Diode circuit I/V plot

diodesplot

schematic

simulate this circuit – Schematic created using CircuitLab

Hi,

I have started studying diodes and In one of the exercises of my book, I have faced a problem.The exercise wants a i/v characteristic, to be more specific it wants me to plot IR1 with respect to Vx. I plotted it, but the manual is suggesting that after Vx=1.8 or 1.7, IR1 becomes constant and equal to (.8/R1). Why does that happen?

P.S : The diode is ideal.

Best Answer

An ideal diode is a voltage source when forward biased and an open circuit when reverse biased. The voltage source value is called \$V_\gamma\$ and is usually around 0.7~0.8V. If you use such a simplification you come out with this model.

ideal diode

Problem is that it is not quite right since a real diode when forward biased has a little but finite resistance. The next step is using the piecewise linear model (green line):

piecewise

Now when the diode is forward biased you take in account a resistance. This model works for voltages near \$V_\gamma\$, if you try to use it with too large bias you'll have completely wrong results. What happens actually when you forward bias a diode with voltages enough larger than \$V_\gamma\$ is that the diode burns, so the model fails but that's not a real problem.

Back to your circuit now: I believe your book is introducing the piecewise model with that exercise: the diode characteristic is the one from the first image, and \$R_2\$ represents its resistance when it is forward biased, that is \$\frac{1}{\text{derivative of the green slope}}\$.
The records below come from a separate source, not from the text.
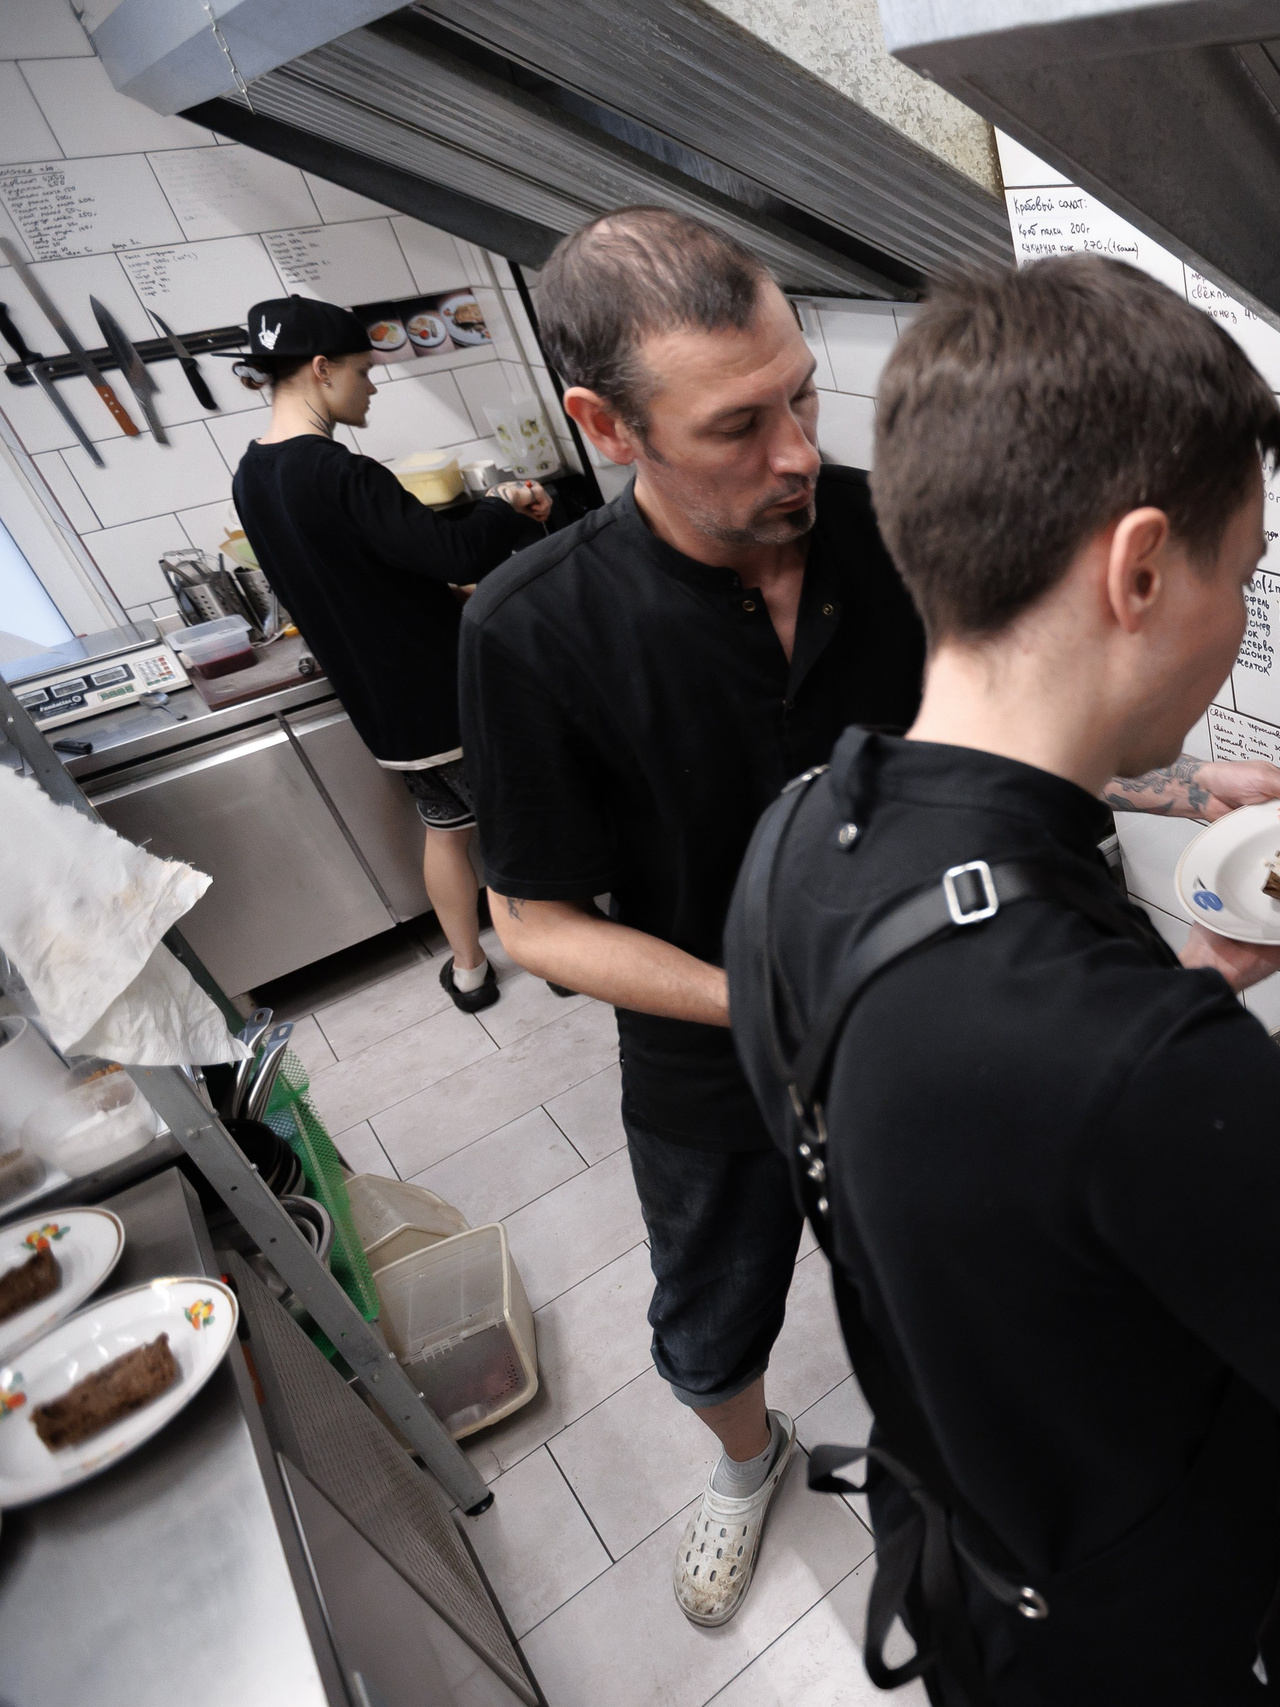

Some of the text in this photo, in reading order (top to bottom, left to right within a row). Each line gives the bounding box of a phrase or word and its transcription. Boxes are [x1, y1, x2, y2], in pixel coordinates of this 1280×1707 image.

[1013, 196, 1087, 215] Крабовый салат:
[1018, 223, 1038, 238] Краб
[1070, 222, 1090, 234] 200г
[1208, 306, 1237, 324] йонез
[1244, 594, 1270, 610] офель
[1240, 647, 1272, 668] айонез
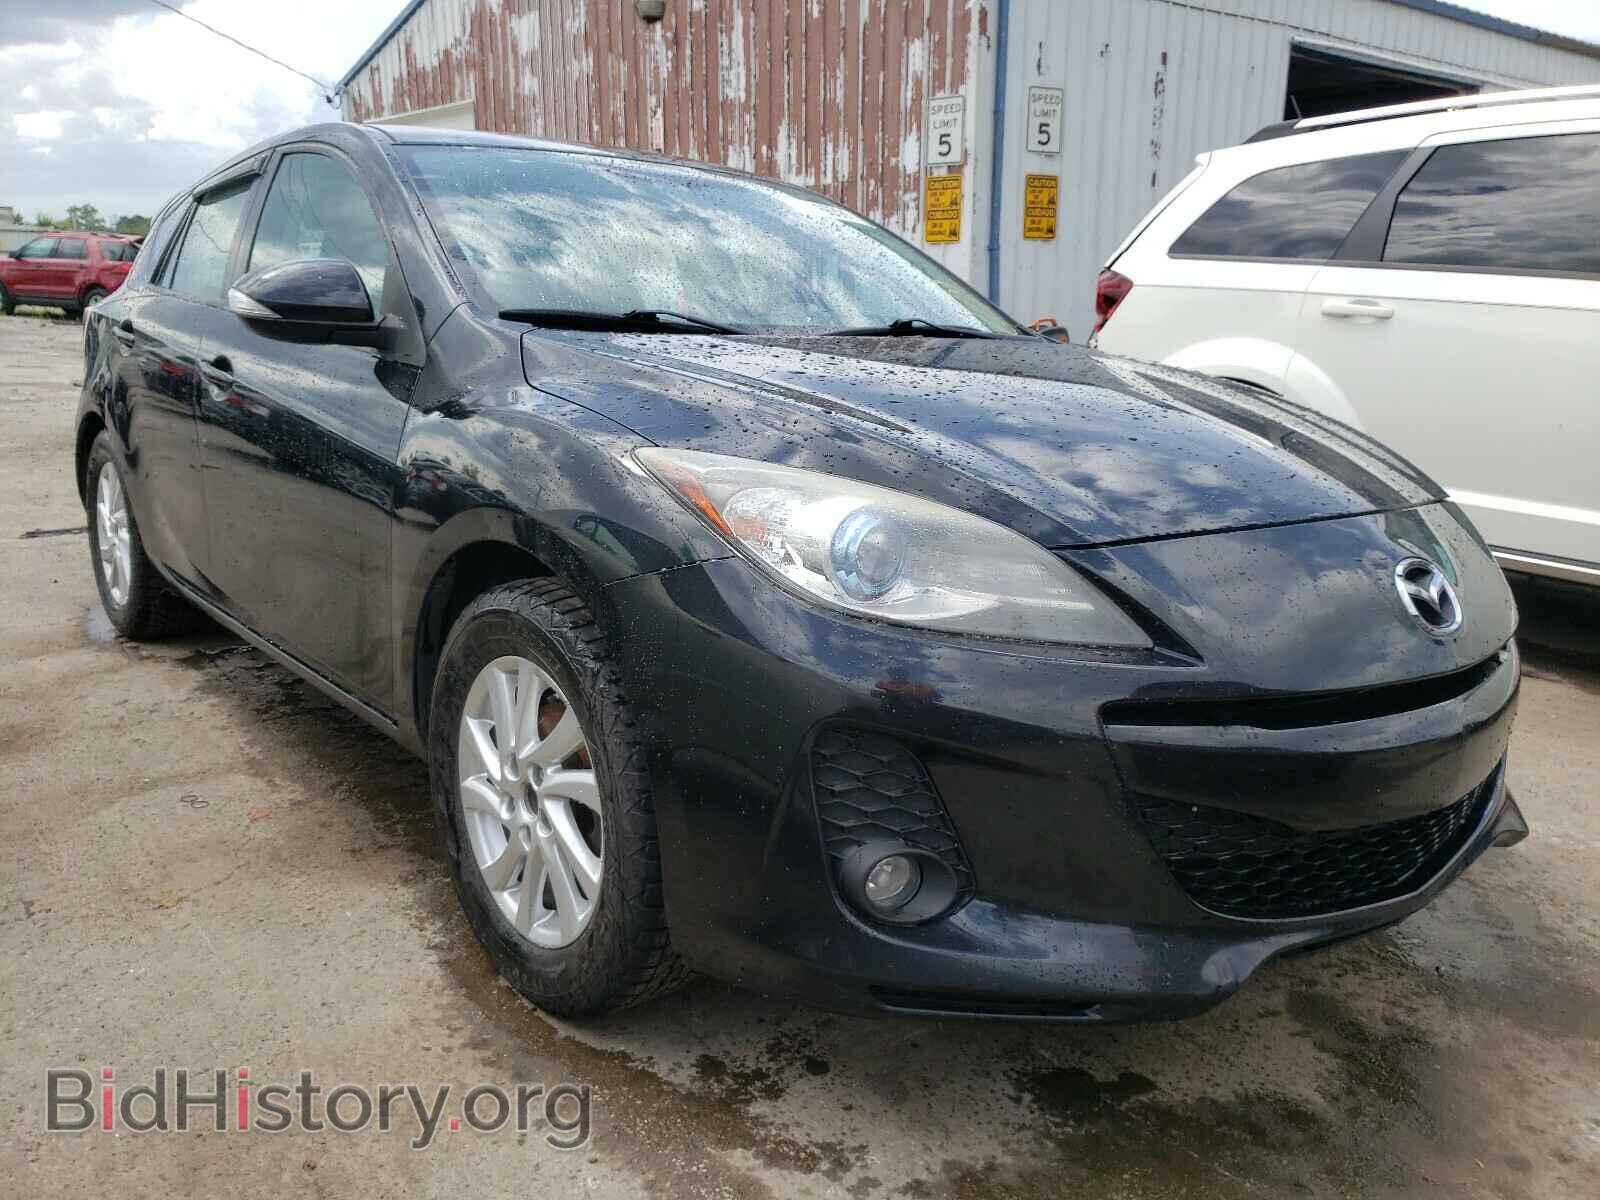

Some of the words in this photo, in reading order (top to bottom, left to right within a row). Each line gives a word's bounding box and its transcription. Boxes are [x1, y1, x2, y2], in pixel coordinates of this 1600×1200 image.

[1032, 93, 1061, 104] SPEED
[930, 104, 960, 115] SPEED
[1033, 109, 1057, 118] LIMIT
[932, 119, 957, 129] LIMIT
[1037, 123, 1051, 145] 5
[938, 133, 952, 156] 5
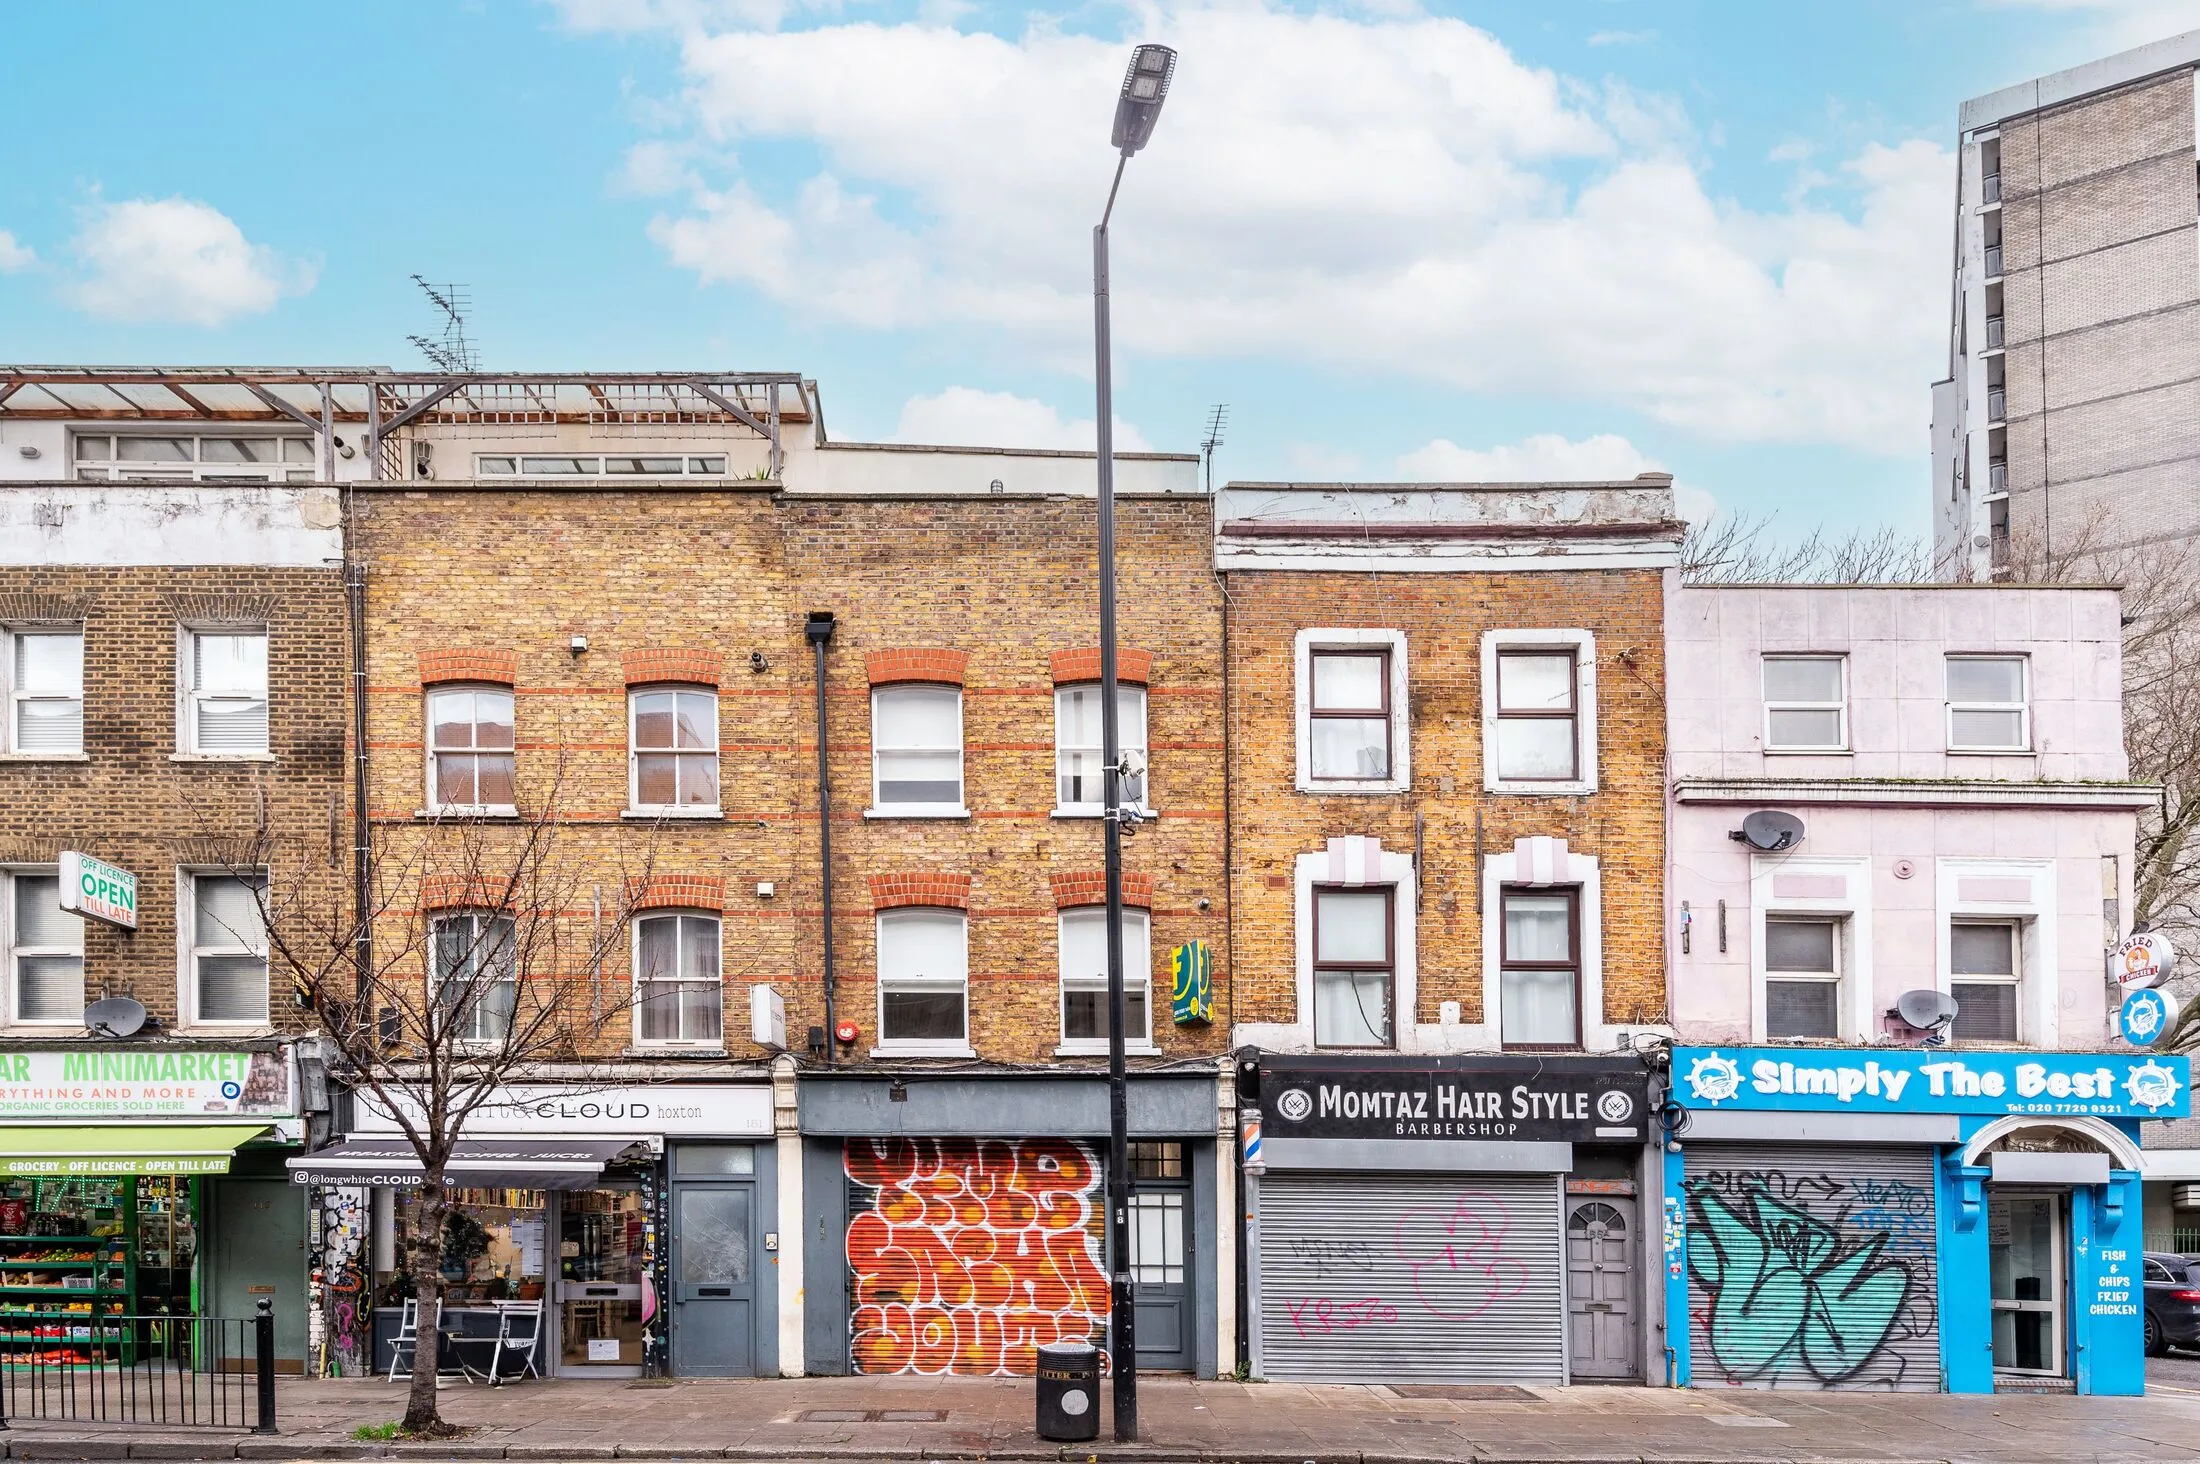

Let's solve the circuit now, starting with a completely ideal diode, i.e. \$R_2=0\Omega\$.

When \$V_x = V_B + V_\gamma = 1.7V\$ the voltage across the diode cannot change anymore (look at the first graph). You'll get three ideal voltage sources in a loop, that is a bad thing since you can't solve that kind of circuit but let's assume the diode is the "strongest" source: the voltage across it will be \$V_\gamma\$ no matter what happens in \$V_x\$ or \$V_B\$, so calculating the current flowing through \$R_1\$ is trivial: \$I_{R1} = \frac{V_\gamma}{R_1} = \frac{0.8}{R_1}\$, here is your book result.

What happens if \$R_2\neq0\Omega\$? Well, now the voltage across \$R_1\$ is \$V_x-V_b\$, so \$I_{R1}=\frac{V_x-V_b}{R_1}\$, and the diode does not really play a role in all this.

Finally, I think that the exercise is badly written or incomplete since the result it provides is WRONG in any cases. Maybe \$V_x\$ has an internal resistance?

Hope at least I helped a bit understanding diodes.